Bösartige Tumore und ihre Vorstufen
- Morbus Bowen: Der M. Bowen ist eine sogenannte
obligate Präkanzerose. Das heißt, dass sich die Erkrankung unbehandelt über
Jahre hinweg fast immer zu einem bösartigen Karzinom entwickelt. Diese seltene
Erkrankung geht einher mit der Ausbildung eines braunroten, meist scharf
begrenzten verhärteten Gewebes am Rand des Afters. Meistens werden keine
wesentlichen Beschwerden bemerkt. Allenfalls kann ein lokaler Juckreiz
bestehen.

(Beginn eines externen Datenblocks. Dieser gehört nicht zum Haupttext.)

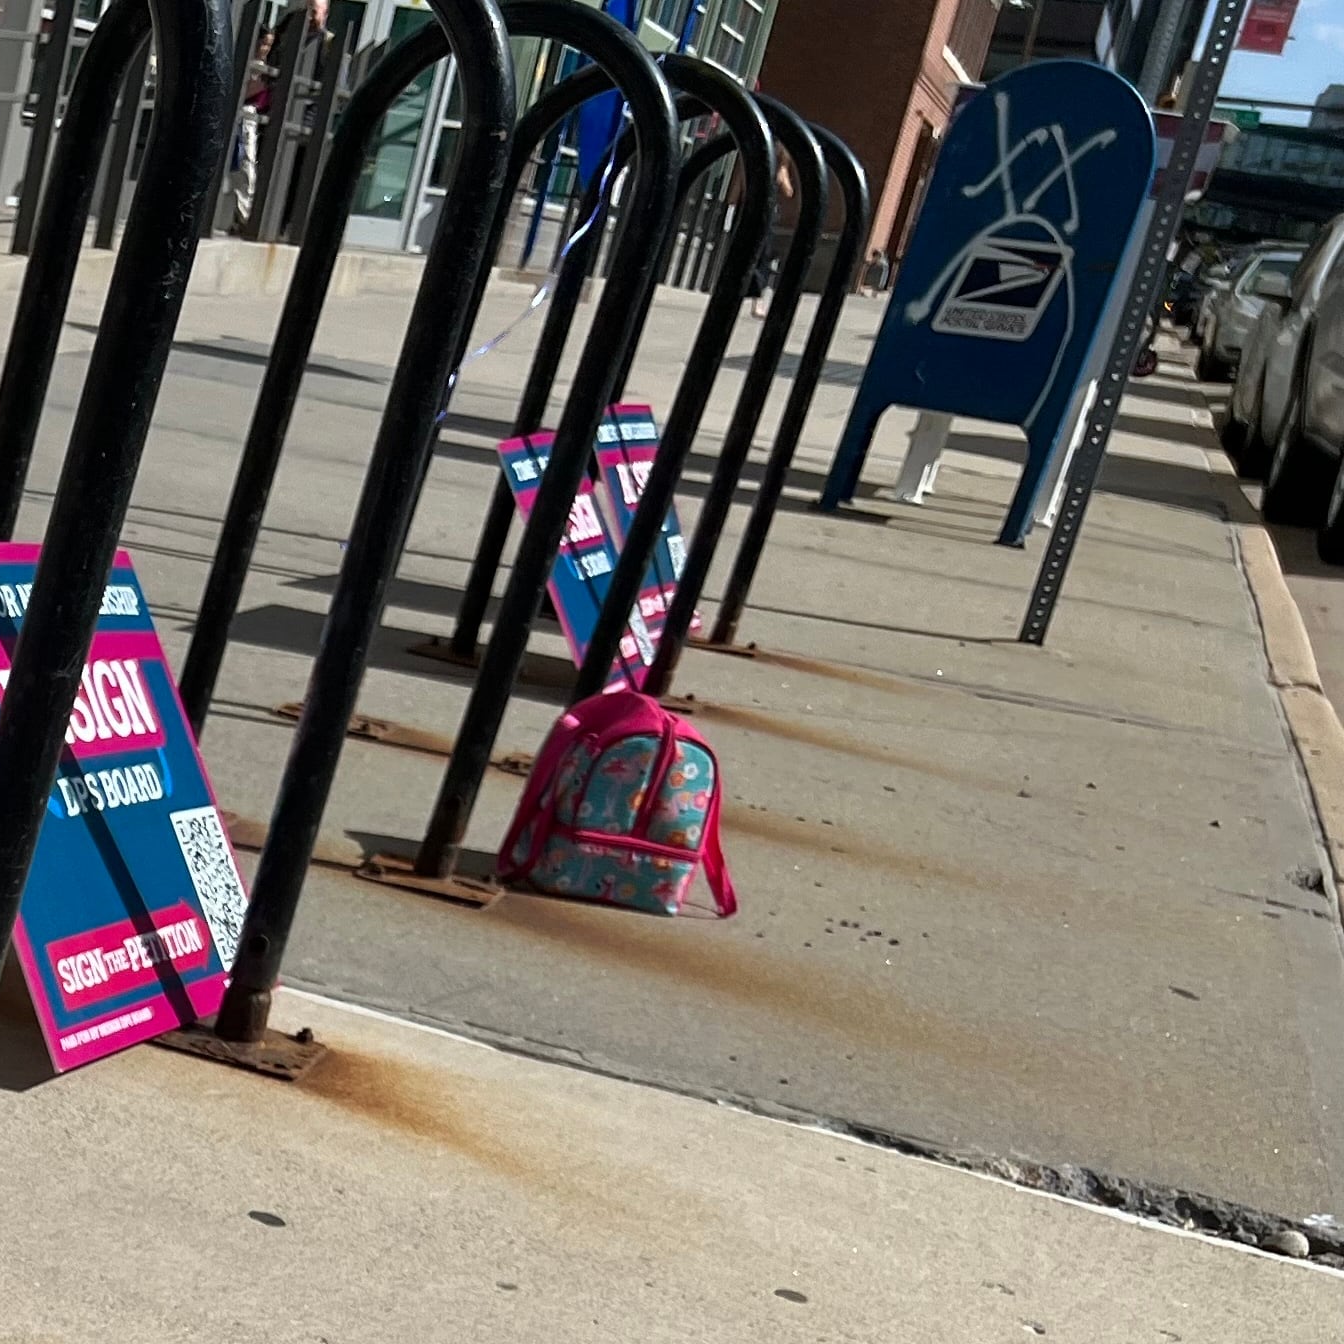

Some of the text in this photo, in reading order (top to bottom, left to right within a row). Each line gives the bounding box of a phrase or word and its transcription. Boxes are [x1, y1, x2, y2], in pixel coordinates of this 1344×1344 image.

[57, 763, 163, 816] DPS BOARD
[58, 919, 203, 994] SIGN THE PETITION

Bei klinischem Verdacht auf einen M. Bowen muss zur Sicherung der
Diagnose zunächst eine Gewebeprobe entnommen und dann bei Bestätigung der Herd
weit im Gesunden chirurgisch entfernt werden.
- Morbus Paget: Auch diese Erkrankung ist selten
und betrifft vor allem ältere Menschen. Typisch ist eine stark juckende, scharf
begrenzte kräftige Hautrötung im Anal- oder Genitalbereich. Abzugrenzen ist der
M. Paget somit von anderen in dieser Region häufig vorkommenden Hautekzemen wie
bei chronisch einwirkender Feuchtigkeit oder einer Pilzinfektion. Auch hier ist
die radikale operative Entfernung nach histologischer Diagnosebestätigung die
Therapie der Wahl.
- Analkarzinom: Wie an jeder anderen Stelle des
menschlichen Körpers kann leider auch in der Analregion Krebs entstehen. Dabei unterscheidet man sogenannte Analrandkarzinome von sogenannten
Analkanalkarzinomen. Erstere sind, was die Prognose und Behandlung angeht, eher
wie Hauttumore, Zweitere eher wie Darmtumore zu betrachten. Äußerlich lassen sich nur Analrandkarzinome feststellen. Typische
Zeichen für die Erkrankung gibt es insbesondere im Anfangsstadium nicht. Eine anhaltende
Gewebsverhärtung, Juckreiz oder Blutungen aus dem After können Hinweiszeichen
sein. Im Zweifel sollte daher unbedingt eine proktologische Untersuchung
erfolgen, da die Erkrankung, frühzeitig erkannt, gute Heilungschancen hat. Welche Behandlung infrage kommt, hängt von vielen Faktoren ab
(histologischer Typ, Tumorstadium, evtl. Vorerkrankungen) und wird für jeden
Patienten individuell in unserer sogenannten Tumorkonferenz im Krankenhaus
Wermelskirchen besprochen. Dabei treffen sich wöchentlich alle an der
Behandlung von Krebspatienten beteiligten Spezialisten (Onkologen,
Strahlentherapeuten, Internisten, Chirurgen und Radiologen), um
für jeden einzelnen Fall die optimale Behandlung zu besprechen. Für das Analkarzinom kommt sowohl eine Operation als auch eine
Bestrahlung in Kombination mit einer Chemotherapie infrage.